Reflection for Sunday 20th September Trinity XV

Submitted by Dean on Sat, 19/09/2020 - 10:50

Sunday 20th September 2020 Year A Proper 20      Trinity XV

Poor old Jonah!

When you read that passage from the Old Testament book of his name you really get to see the human side of a prophet in glorious technicolor. In fact if you read the whole of the Book of Jonah despite its brevity you see humanity expressed through out - both the good and bad sides of our nature.

The Book opens with God asking Jonah to go to Nineveh and to warn the residents of God’s displeasure. Jonah, like many of us is reluctant to do God’s bidding and he attempts to hide from God by nipping down to Joppa and boarding a ship to Tarshish. Jonah was a reluctant prophet, in fact, as one reads the opening verses you get the idea that he would do anything rather than give warning to the population of Nineveh:

“ … so he paid his fare and went on board, to go with them to Tarshish, away from the presence of the Lord.”      1:3b

As well as being reluctant Jonah does come across as a rather daft prophet as well. Did he not realise that he could not escape the sight of the all seeing God? Was hot-footing it to Tarshish really going to give him the hiding space he wanted? He quickly learns that it won’t, when God sends a storm that threatens to destroy the ship. The sailors being pretty canny draw lots to discover the jinx - Jonah. They ask him what he thinks he is doing running away from his God.

Jonah asks them to toss him over board but the sailors are actually good guys and they initially refuse to do so and try rowing hard to get to safety. It is only when all seems lost that they chuck him in the sea, praying to Jonah’s god that he won’t punish them because of it. In fact in the act of throwing Jonah into the waves seems to lead to their conversion and they not only pray to God but make sacrifice and vows to him as well. Jonah maybe a reluctant prophet but he is a missioner; because ironically in this instance his feckless actions bring the sailors to faith. The sailors ‘feared’ the Lord  because they saw his power and they turned to him. They must have been even more amazed when the fish swallowed Jonah! Is there no end to God’s powers and surprises?

The shock of being swallowed by the fish, shakes Jonah out of his self-pity and he thanks God for saving him from a watery grave and pledges himself to God’s service. This time when God asks him to preach to the people of Nineveh, he does so. No longer a reluctant prophet but a prophet so convincing that his words and the fact that the fish spewed him on to dry land, causes the people to repent of their ways and they went about in sackcloth and ashes as a sign of their conversion.
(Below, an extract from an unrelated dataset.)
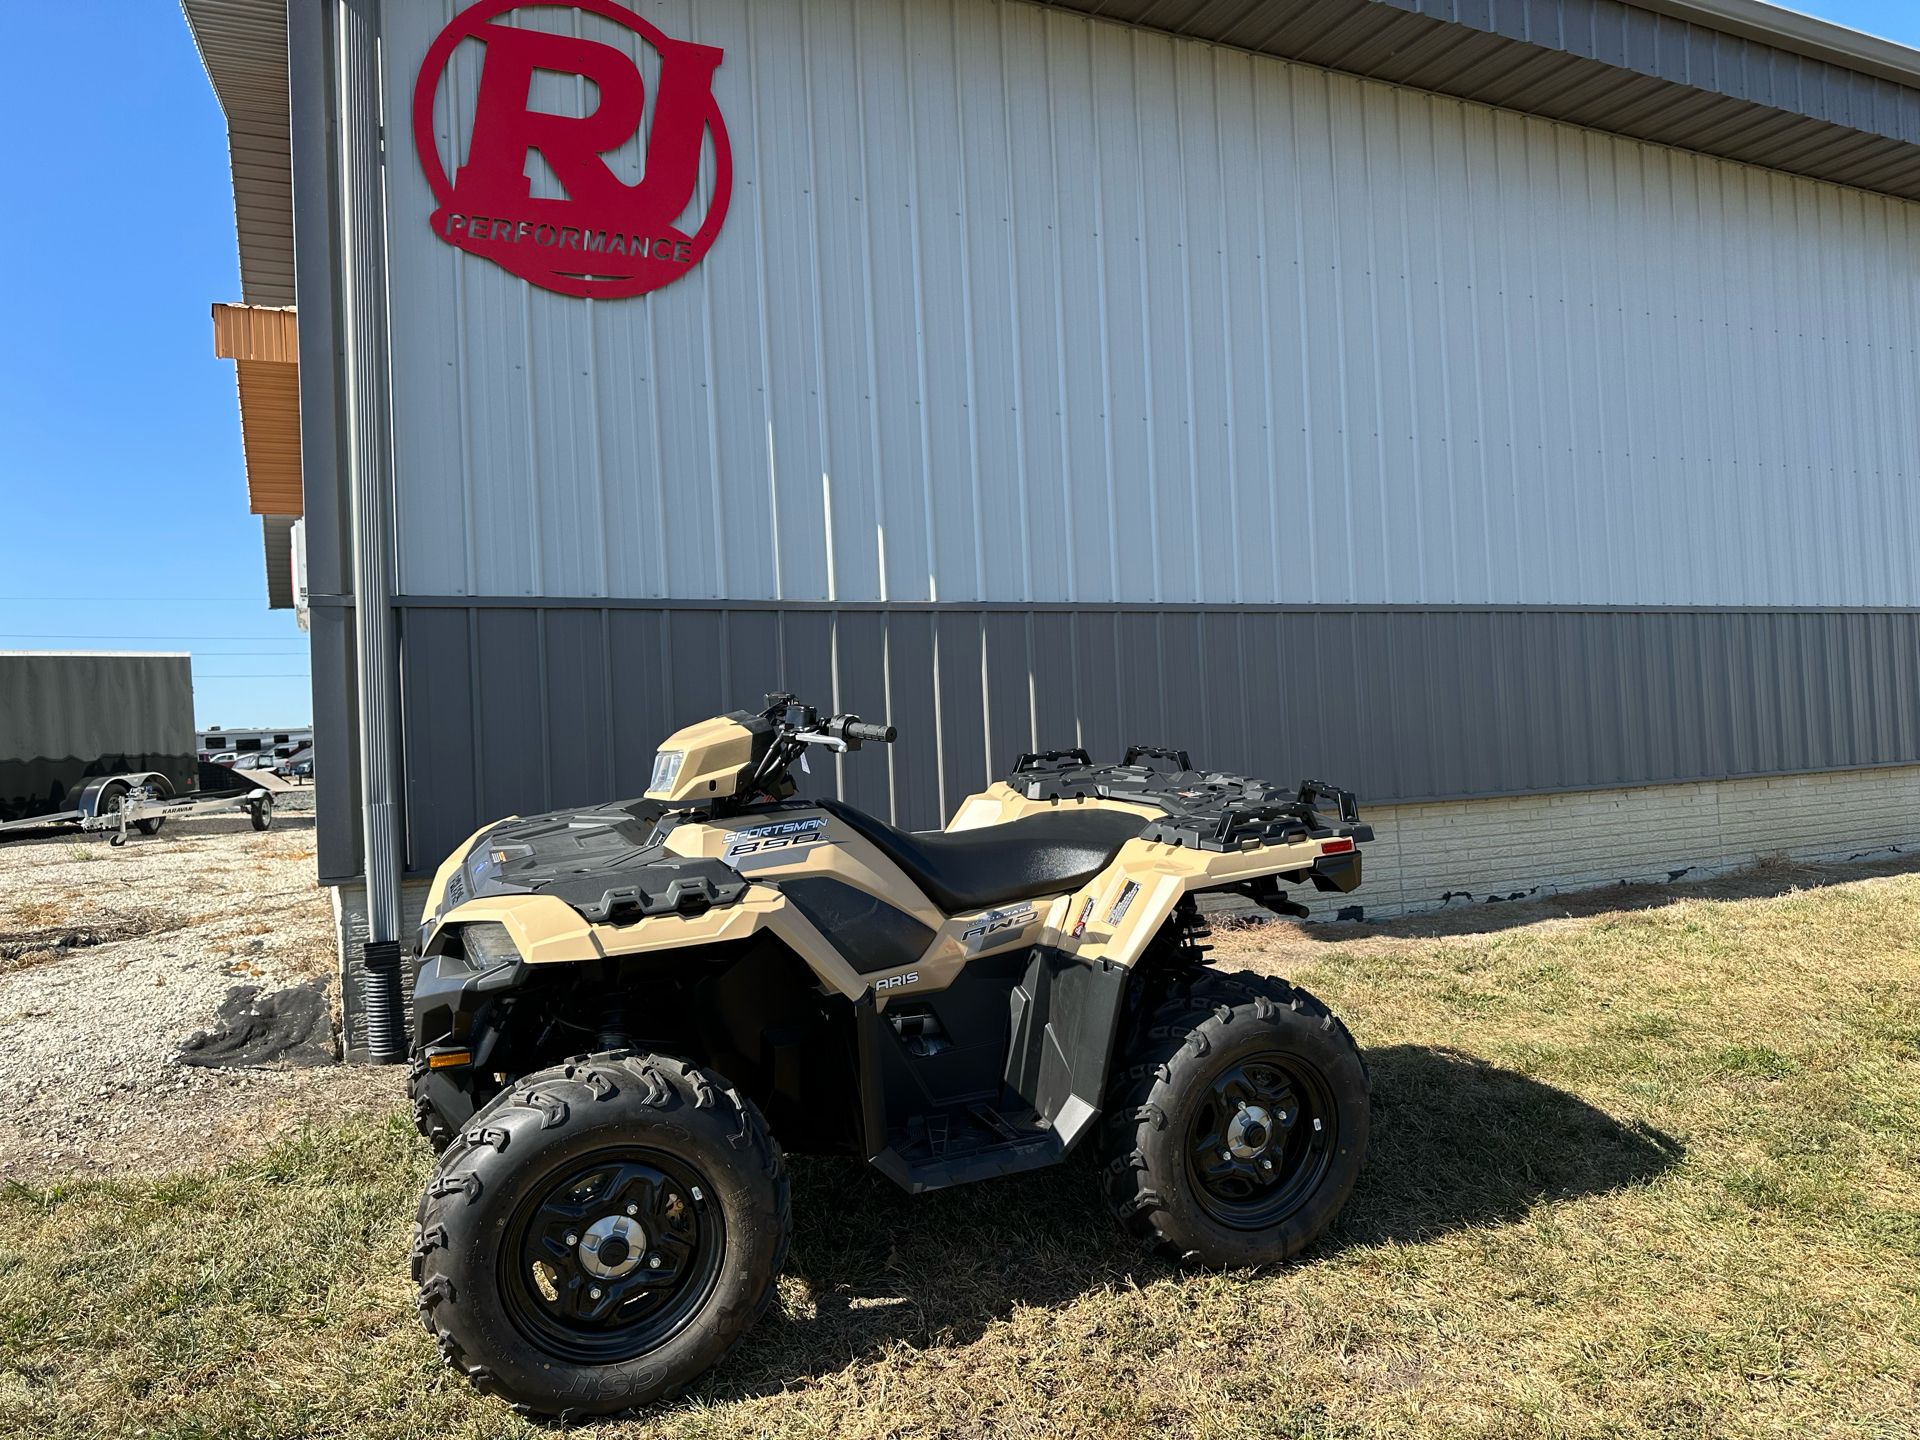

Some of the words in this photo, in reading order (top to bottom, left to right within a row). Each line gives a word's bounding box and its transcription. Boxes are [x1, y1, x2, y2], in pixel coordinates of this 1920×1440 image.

“When God saw what they did, how they turned from their evil ways, God changed his mind about the calamity that he had said he would bring upon them; and he did not do it.”                       3:10

And, this is the point where today’s first reading comes into play. Jonah is in a sulk. He is displeased and angry with God for saving the people of Nineveh. After all his ups and downs God shows mercy to a debauched people who repent. Jonah says to God, did I not tell you that you wouldn’t do away with Nineveh because of your forgiving nature? Why then did I have to go thorough all I did for you to be merciful? Could I not have stayed at home?

After all his adventures Jonah still really doesn’t get it. He is still self-pitying and moaning that it isn’t fair. He sounds like a petulant teenager. Still a reluctant prophet.

So he sits and sulks in the heat of the sun until God causes a plant to grow up and shade him.  The next day the plant dies and Jonah bakes and once again wishes he was dead. God rebukes him and asks why the plant was important to him. God then goes on to say just as the plant was appreciated by Jonah so he loves his people of Nineveh and would have been devastated had they died. Slowly Jonah begins to realise the extent of God’s love and mercy and there the Book ends. A somewhat abrupt and inconclusive end but and ending in which we are left hoping that Jonah grows up and appreciates the fact that love changes everything.

God chose to be merciful and generous just like the owner of the vineyard who chose to treat all the workers equally, regardless of when they began work. Who when asked why simply says because he can and chooses to do so. So it is with God, he chooses to be loving and merciful to Nineveh and her people, as he does with Jonah and as he always does with us too.